Il succo di frutta del futuro: stesso sapore, meno energia
Dall’ENEA una tecnologia innovativa per l’industria dei succhi, capace di ridurre fino al 60% i consumi energetici
Bere un succo di frutta più buono, più sostenibile e prodotto consumando molta meno energia è possibile. Secondo uno studio di ENEA e dell’Università di Salerno, l’industria dei succhi potrebbe ridurre fino al 20% i consumi di elettricità e fino al 60% quelli di calore grazie a una nuova tecnologia chiamata campi elettrici pulsati (PEF), soprattutto se abbinata al recupero del calore usato nella pastorizzazione.
La ricerca, pubblicata sulla rivista scientifica Food, ha analizzato il funzionamento di un impianto industriale che produce circa 16,5 milioni di litri di succo d’arancia all’anno, confrontando il metodo tradizionale di pastorizzazione ad alte temperature con il trattamento PEF. Il risultato è stato quello ipotizzato: usare impulsi elettrici molto brevi al posto di lunghi trattamenti termici permette di risparmiare energia senza compromettere la sicurezza del prodotto.

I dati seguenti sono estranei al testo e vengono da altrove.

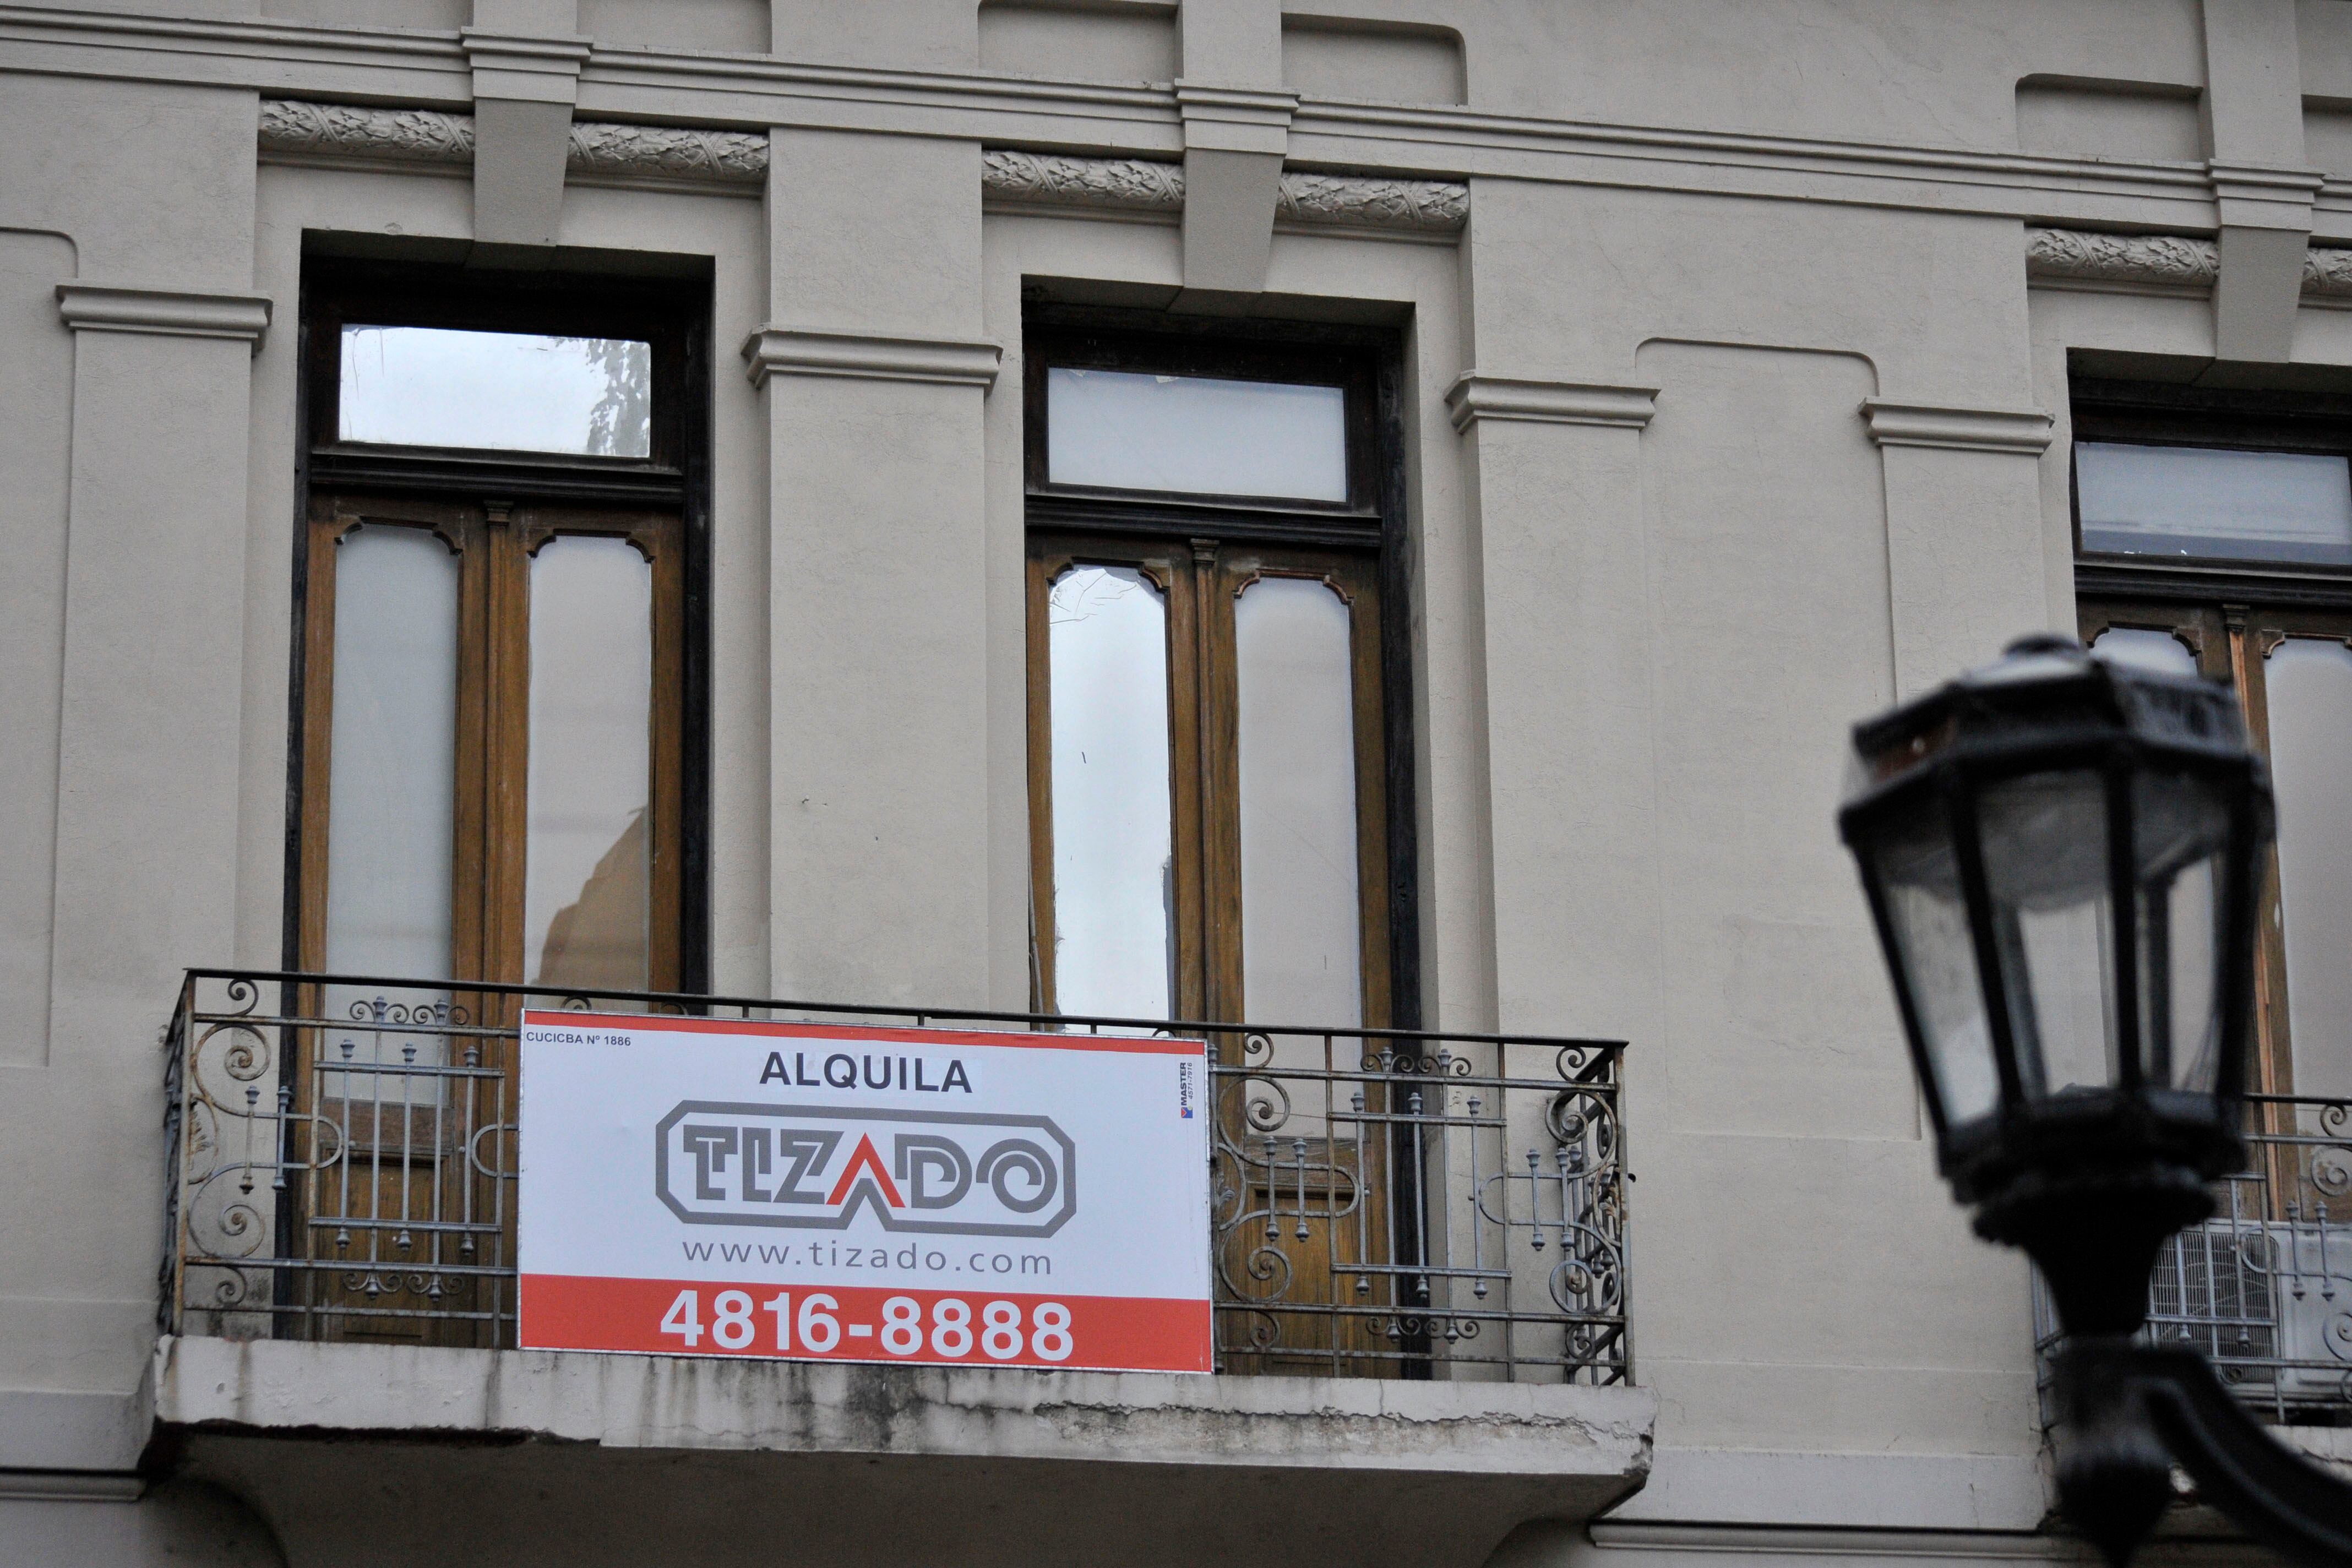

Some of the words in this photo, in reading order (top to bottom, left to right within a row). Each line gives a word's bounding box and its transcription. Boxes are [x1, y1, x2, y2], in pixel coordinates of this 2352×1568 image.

Ma come funziona? Nel trattamento PEF il succo viene attraversato da brevissimi impulsi elettrici che eliminano lieviti e batteri dannosi. Il succo viene comunque riscaldato, ma a temperature più basse rispetto ai metodi tradizionali, e parte del calore utilizzato viene recuperato e riutilizzato. In questo modo si spreca meno energia e si riducono le emissioni di CO₂.
Per i consumatori il vantaggio è doppio. Da un lato, un processo più sostenibile, che richiede meno gas ed elettricità; dall’altro, un prodotto che mantiene meglio le sue caratteristiche naturali. Il succo trattato con PEF conserva infatti sapore, colore e valori nutrizionali e può durare fino a tre settimane senza l’aggiunta di conservanti.
L’unico vero ostacolo alla diffusione di questa tecnologia è oggi il costo iniziale degli impianti, più elevato rispetto a quelli tradizionali. Tuttavia, nel lungo periodo il risparmio energetico rende il processo più conveniente anche dal punto di vista economico, aprendo la strada a succhi di frutta sempre più “green”.
In un settore in cui la lavorazione degli alimenti richiede ancora grandi quantità di energia, innovazioni come il PEF rappresentano un passo concreto verso prodotti più sostenibili, senza rinunce per chi li consuma.